The email remains the no 1 vector of attack
The number 1 attack vector is and still is the messaging. It is no coincidence that so many reports on the threat, published by professional publishers of digital security, report it. “According to an analysis by IBM Security, the number of emails containing a ransomware has increased by 6,000% between 2016 and 2017. And the flight does not stop there since the last report of Vade Secure notes an extraordinary growth of current phishing scams. “In January 2018, it is 200 million phishing detected more than in December that had 25 million. The 1 st quarter of 2018 has an additional volume of 550 million. ”
The risk is, therefore, greater today than ever. This might seem antithetical to the fact that the attack surfaces are multiplying, like the connected objects, and that one might think to attend a more smooth distribution between them. Nevertheless, by its capacity to generate strong impacts on a large scale, the mail remains the attack channel par excellence.
Typologies of attack always more diverse
The ransomware, real hostage on data redistributable against ransom, or phishing which, remember it takes the form of an email containing a link to a fraudulent site in order to push the targeted victims to communicate sensitive information (blue card, login credentials, personal data …), are two typical examples of rather simple and rapidly profitable technical activities. But other attacks have appeared.
Cousin, “the Spear Phishing ” is more targeted, since instead of targeting a few thousand or tens of thousands of people, the attack targets a clearly identified person to extract specific information, as in the case for example fraud to the President.
More recently, soft target phishing has appeared. It combines these two previous modus operandi to target typologies of people working in a given sector, such as accounting. Most of the time, emails contain information about the company to make the message more compelling. Imagine that all employees in a Human Resources department receive an email with a candidate’s resume. The new email contains a personalized message for each employee and provides elements for the interaction to look legitimate. This abuse of trust in place, employees open the attachment without knowing that it contains malicious software now able to infiltrate the entire network of the company.
And the cloud in all this?
According to studies in this field, it is estimated that 90% of companies have migrated to messaging in the Cloud. The most popular is the Microsoft solution included in Office 365 under the name of Exchange.
While computer security issues have been taken into account in these software suites, the fact remains that the technical analysis reveals that these solutions are not waterproof to sophisticated attacks, such as APT ( Advanced Persistent Threat ). Indeed, this type of attacks bypass the security systems in place and require specific layers of protection.

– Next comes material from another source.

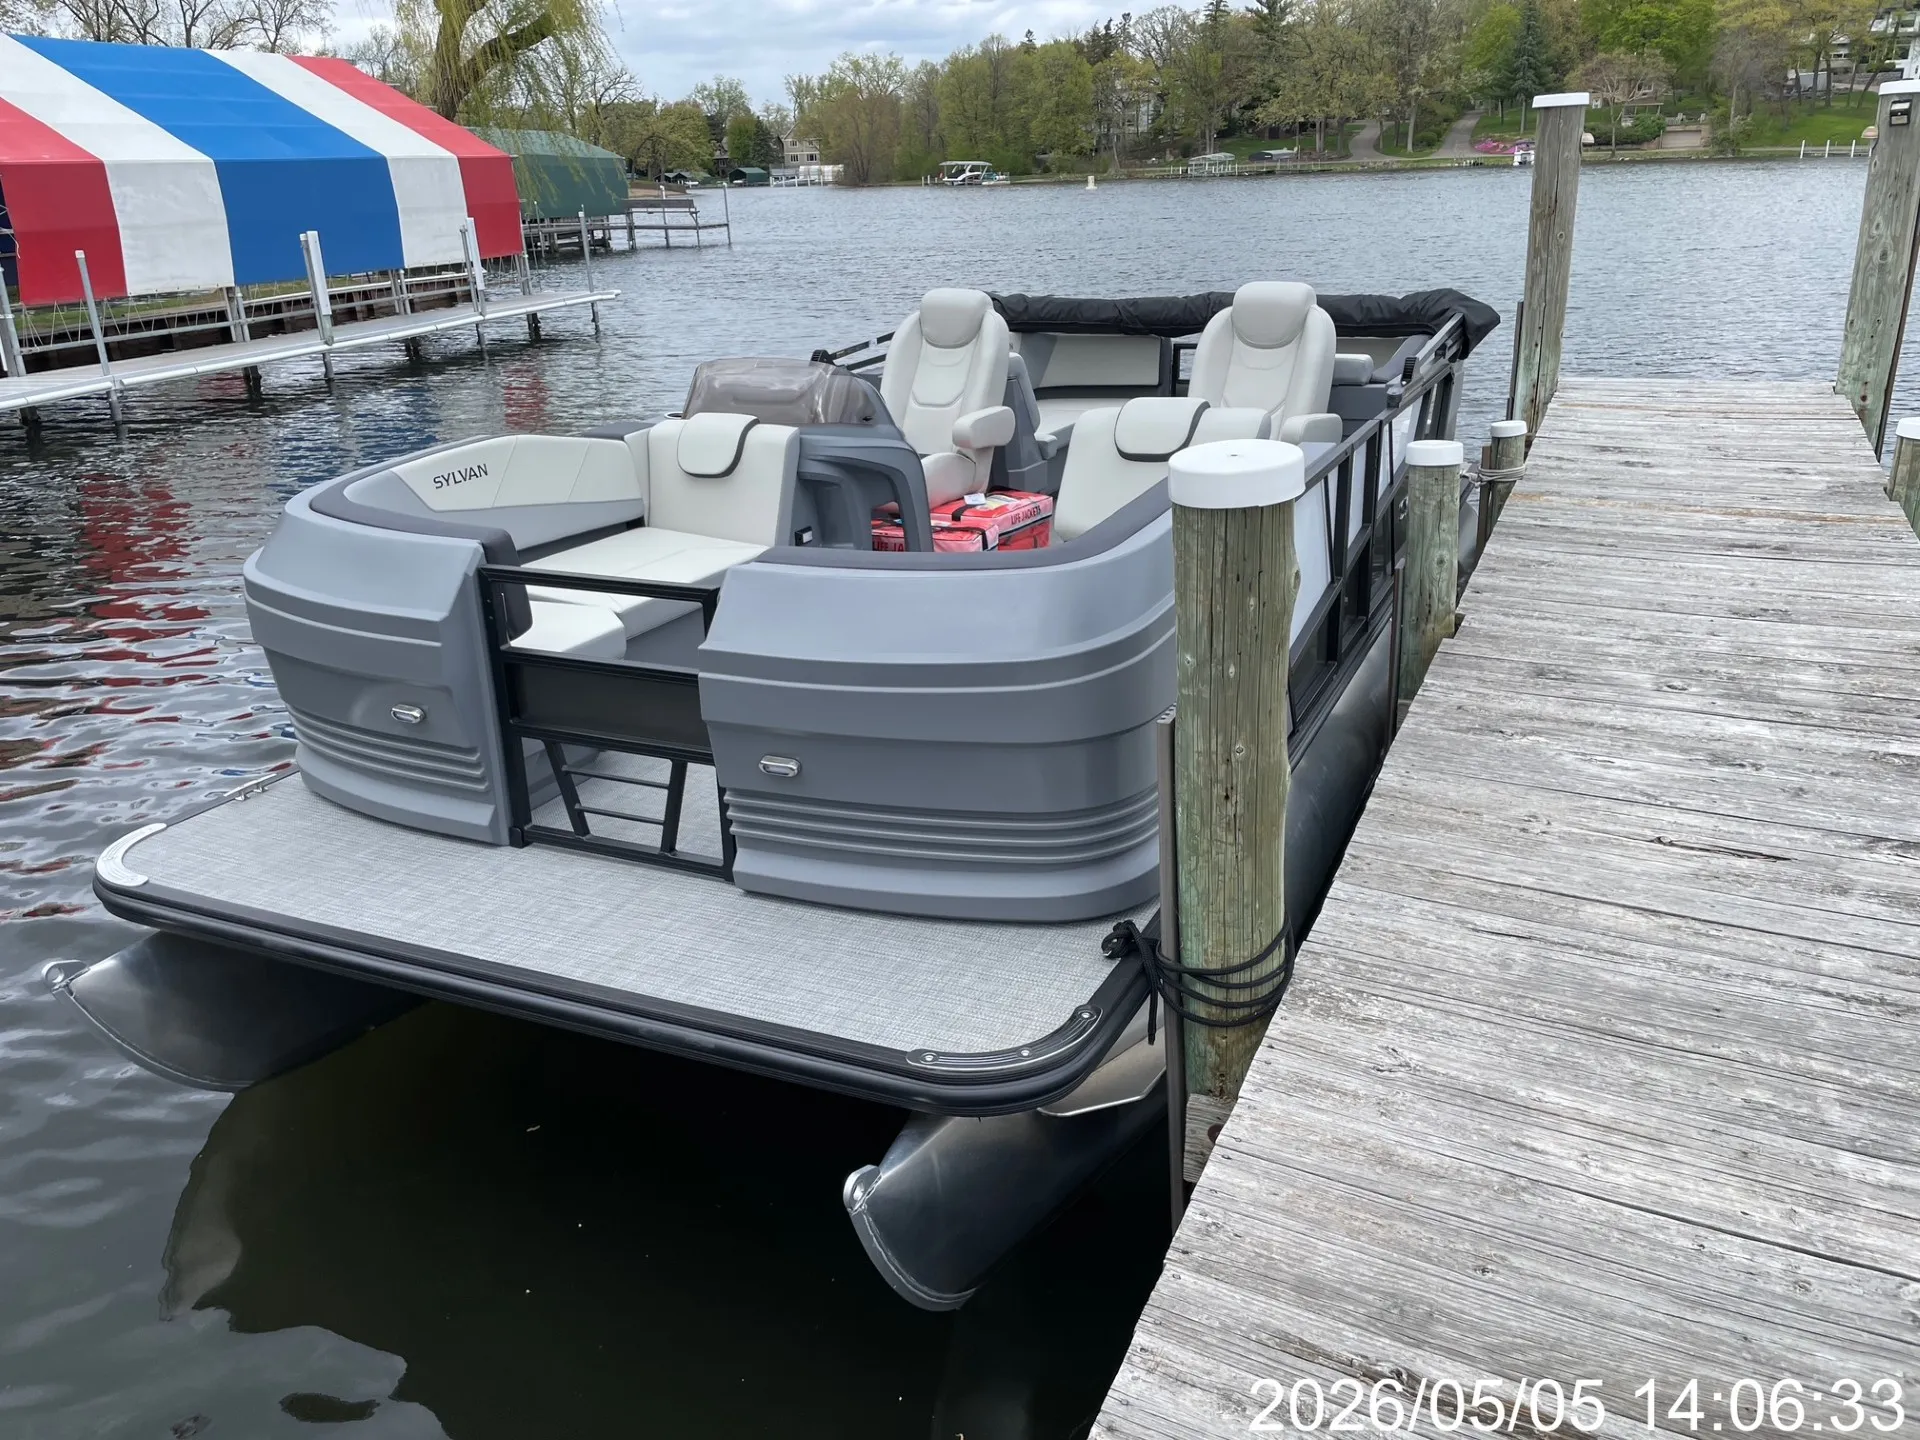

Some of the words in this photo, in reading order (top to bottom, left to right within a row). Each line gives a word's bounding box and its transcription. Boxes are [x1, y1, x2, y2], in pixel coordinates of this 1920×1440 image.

[433, 463, 489, 490] SYLVAN
[1010, 513, 1021, 525] LIFE
[1021, 505, 1041, 521] JACKETS
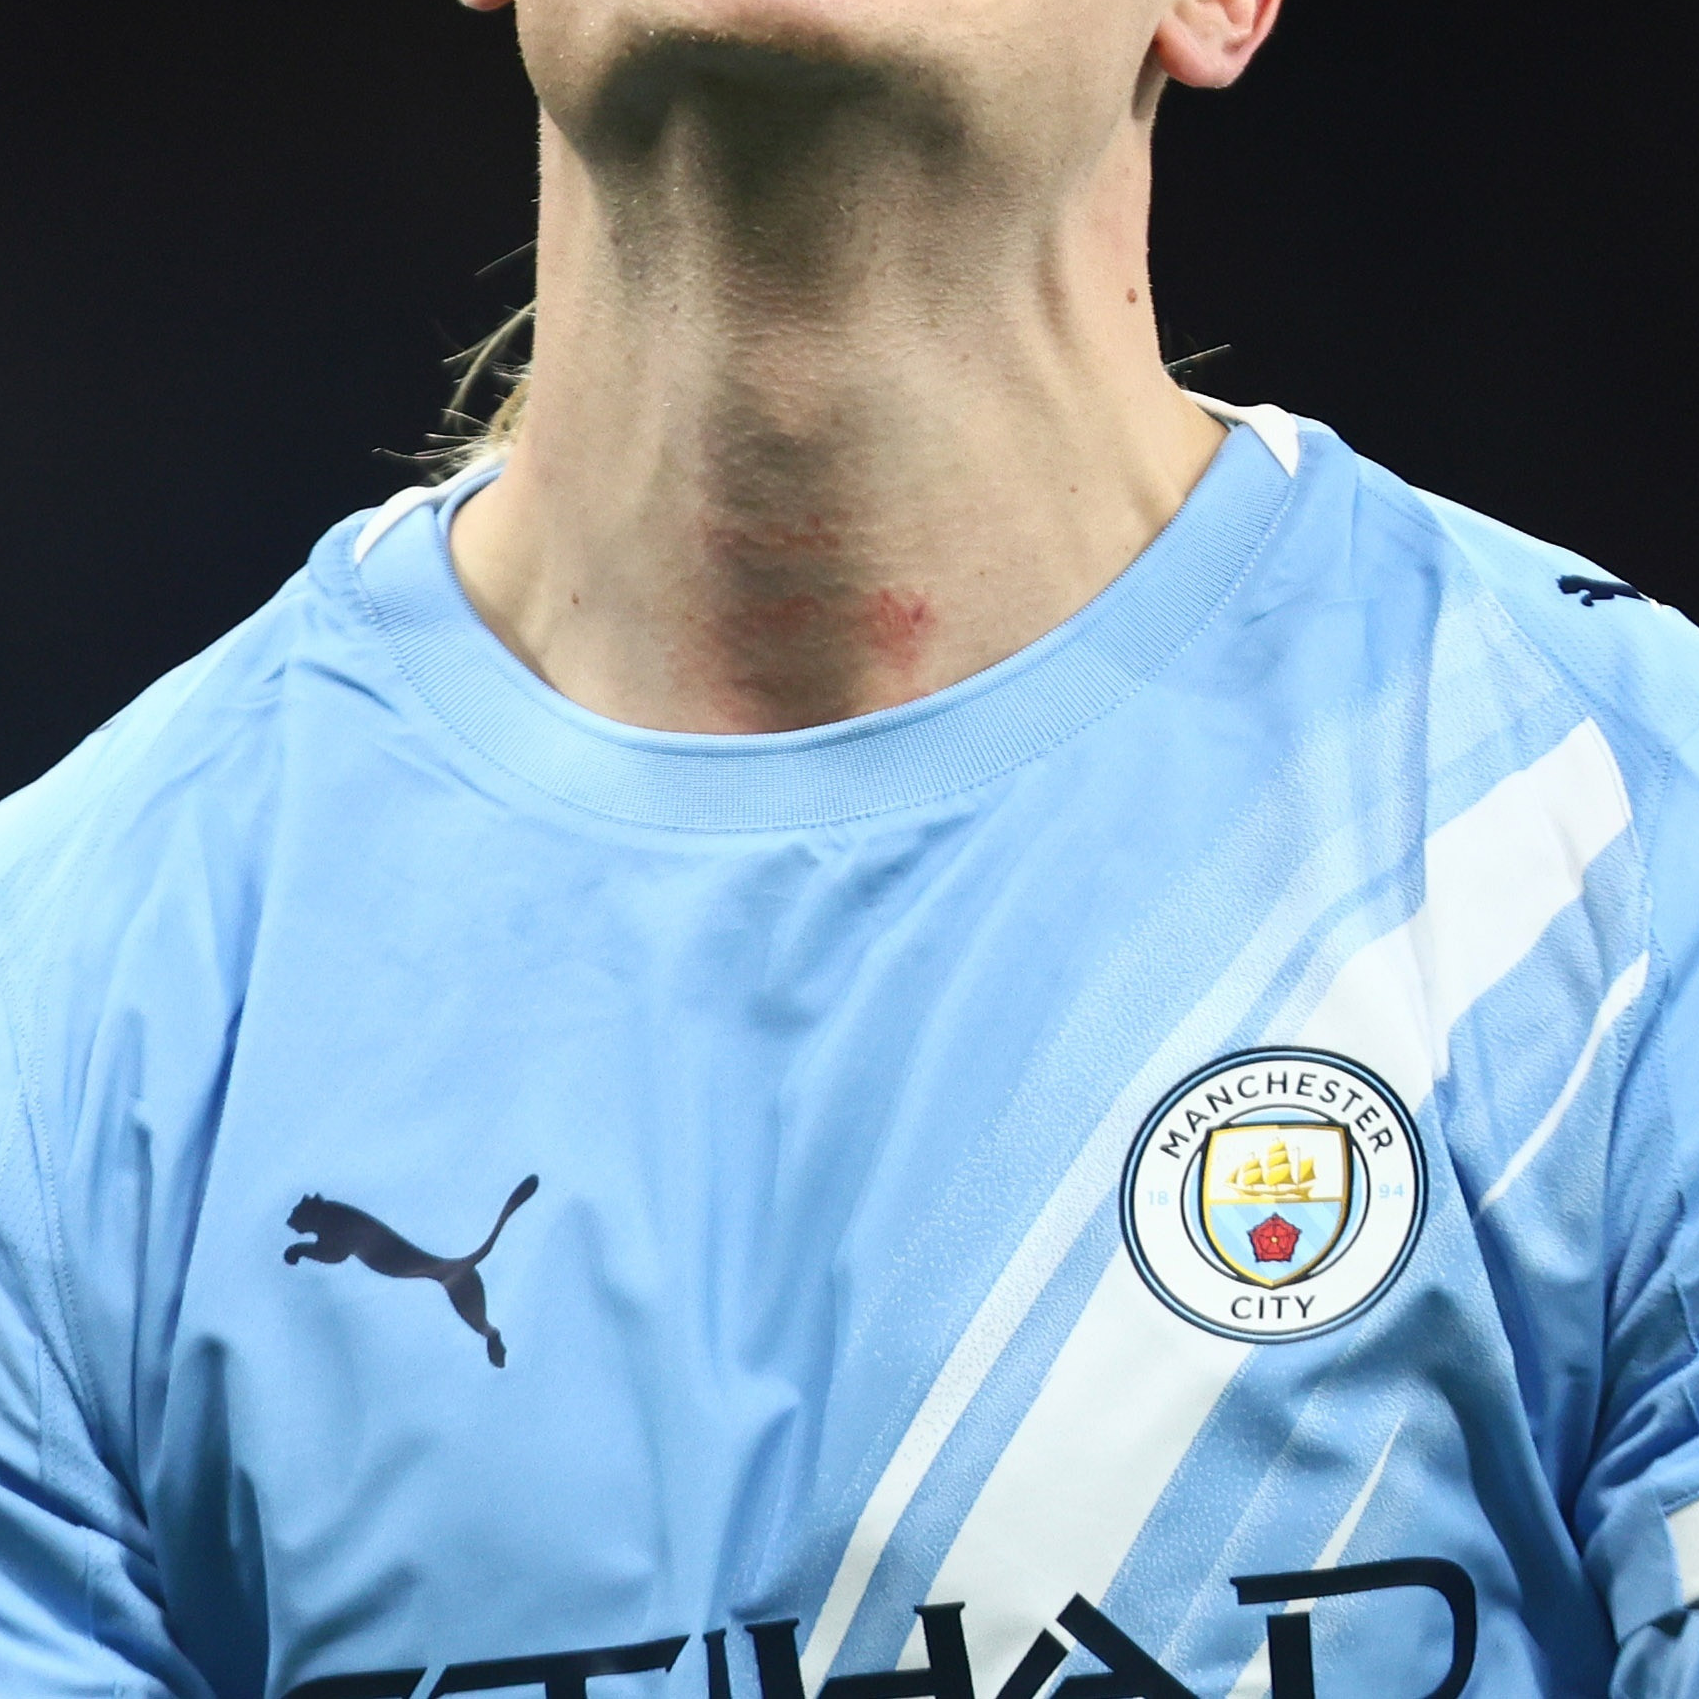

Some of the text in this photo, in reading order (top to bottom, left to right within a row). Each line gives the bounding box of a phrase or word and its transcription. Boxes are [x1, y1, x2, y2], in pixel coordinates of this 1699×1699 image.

Another aggravating factor is the flip side of the multiplicity of services offered by these solutions. They not only offer messaging, but an instant messaging tool, collaborative tools, high-volume file sending services, and even telephony services integrated with business email. If they allow a great fluidity between services, they open equally easy to convey malicious programs. Messaging on all sides connected to services, to a directory, to telephony, becomes a hub towards unlimited access to other services and data, and therefore to a field of ever greater possible compromises. Confidentiality is difficult to ensure with such a level of sharing and collaboration.
How to protect yourself?
If it was already important to have a classification of the appropriate information and to derive the appropriate rights, this type of solution requires even more. Besides that, fortunately, the internet security technologies evolve too. To counter the so-called “Zero Day” threats, unknown to conventional antivirus or protection endpoints, artificial intelligence solutions that mark weak signals and other pre-attack behavior patterns, Feed in anticipation of later attacks, and in short, detect upstream if a mail is malicious or not.